Es liegt an den für die Besetzung verantwortlichen Personen, schnellstmöglich die Bedenken aus vielen Bereichen der Gesellschaft zu beseitigen und für einen gesetzeskonformen Zustand zu sorgen. Entsprechend den Entsendungen der letzten Jahre und dem bis dato gelebten Rotationsprinzips wäre aus unserer Sicht ein Vertreter der Roma in den Publikumsrat zu entsenden gewesen.
Karl Hanzl, langjähriges Publikumsratsmitglied und Vorsitzender des tschechischen Beirates
Stellungnahme der „Ständigen Konferenz der Vorsitzenden der Beiräte der autochthonen Volksgruppen Österreichs“, 20.5.2022:
Die Anfang Mai erfolgte Besetzung des ORF-Publikumsrates hat in den von der „Ständigen Konferenz der Vorsitzenden der Beiräte der autochthonen Volksgruppen Österreichs“ (in Folge kurz: Vorsitzenden-Konferenz) vertretenen Vereinen und Gruppen für Erstaunen und Entsetzen gesorgt.

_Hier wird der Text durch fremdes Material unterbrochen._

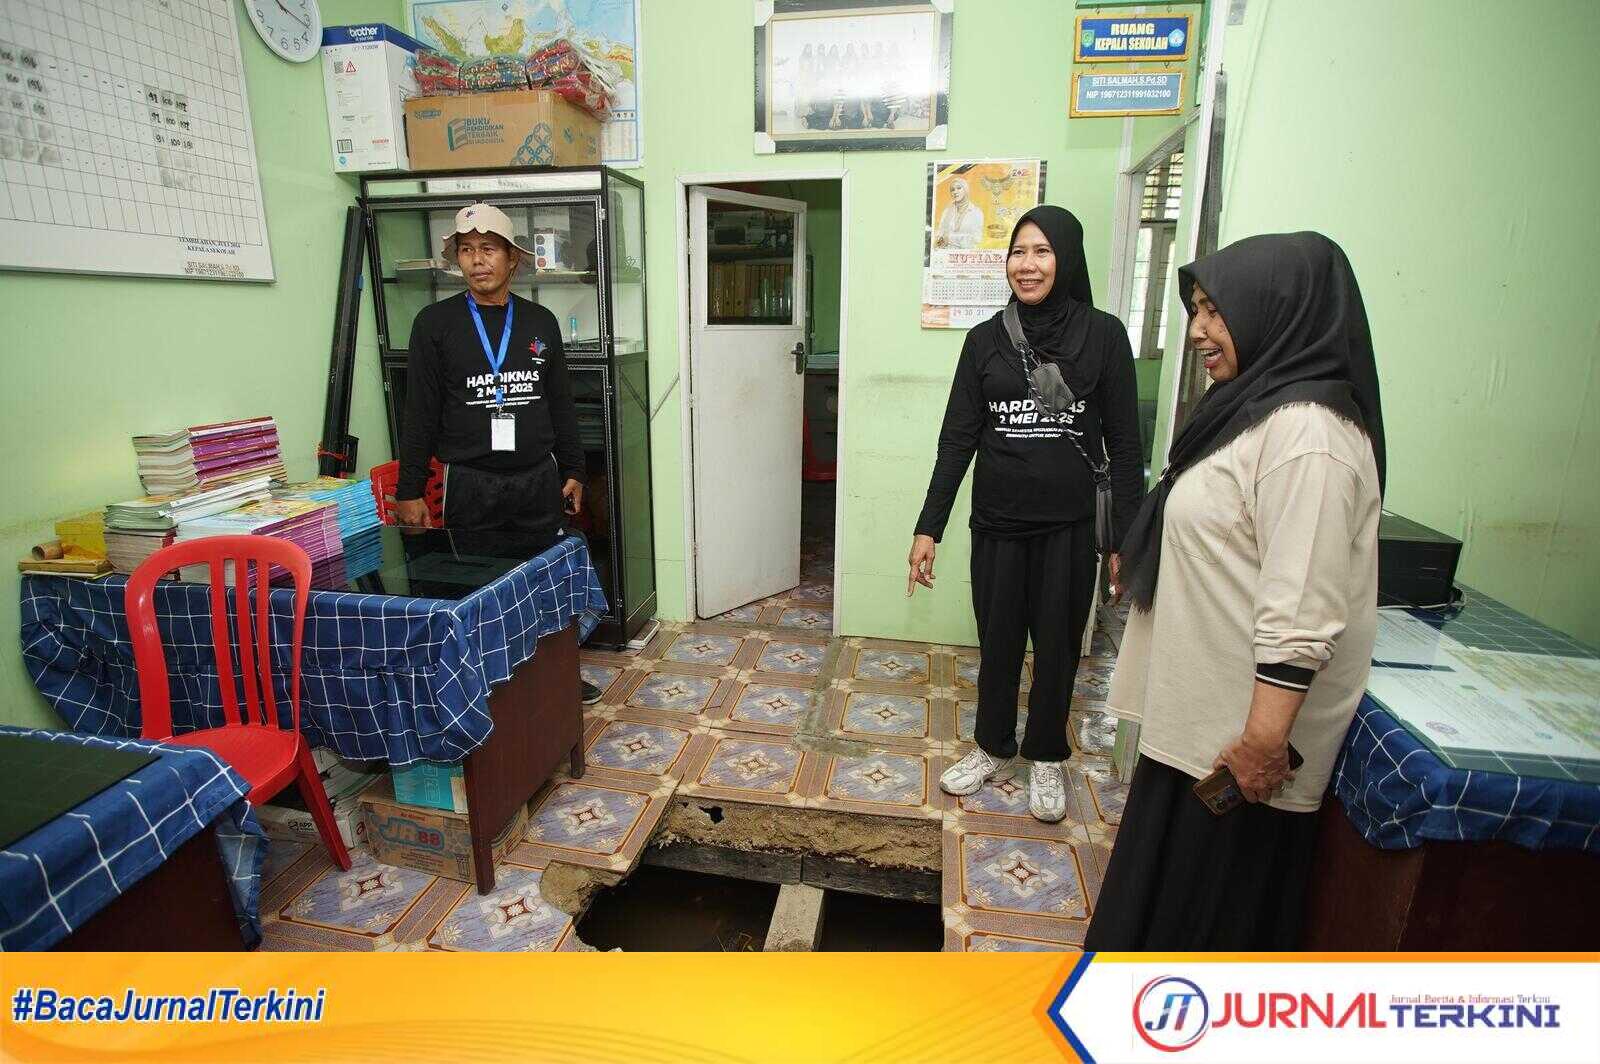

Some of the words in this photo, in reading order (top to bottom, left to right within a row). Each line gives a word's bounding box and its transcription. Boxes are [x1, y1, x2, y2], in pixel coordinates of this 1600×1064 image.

[348, 26, 378, 37] brother
[1110, 23, 1155, 35] RUANG
[1094, 37, 1127, 51] KEPALA
[1128, 36, 1169, 50] SEKOLAH
[1092, 76, 1105, 86] SITI
[1086, 91, 1098, 99] NIP
[466, 118, 491, 126] BUKU
[466, 124, 504, 132] PENDIDIKAN
[476, 388, 484, 398] 2
[509, 382, 534, 394] 2025
[999, 415, 1007, 425] 2
[1009, 412, 1039, 425] MEI

Abgesehen vom kommentarlosen Abgehen von der über Jahre und Jahrzehnte gelebten und anerkannten Praxis des Vorschlags- und Besetzungsvorganges durch das zuständige Ministerium und Medienministerin Susanne Raab, sieht die Vorsitzenden-Konferenz ihre eigene Einschätzung der Unrechtmäßigkeit der Besetzung auf Basis der geltenden Gesetzeslage durch die zahlreichen Medienberichte und Kommentare von Medienwissenschaftler:innen voll inhaltlich bestätigt.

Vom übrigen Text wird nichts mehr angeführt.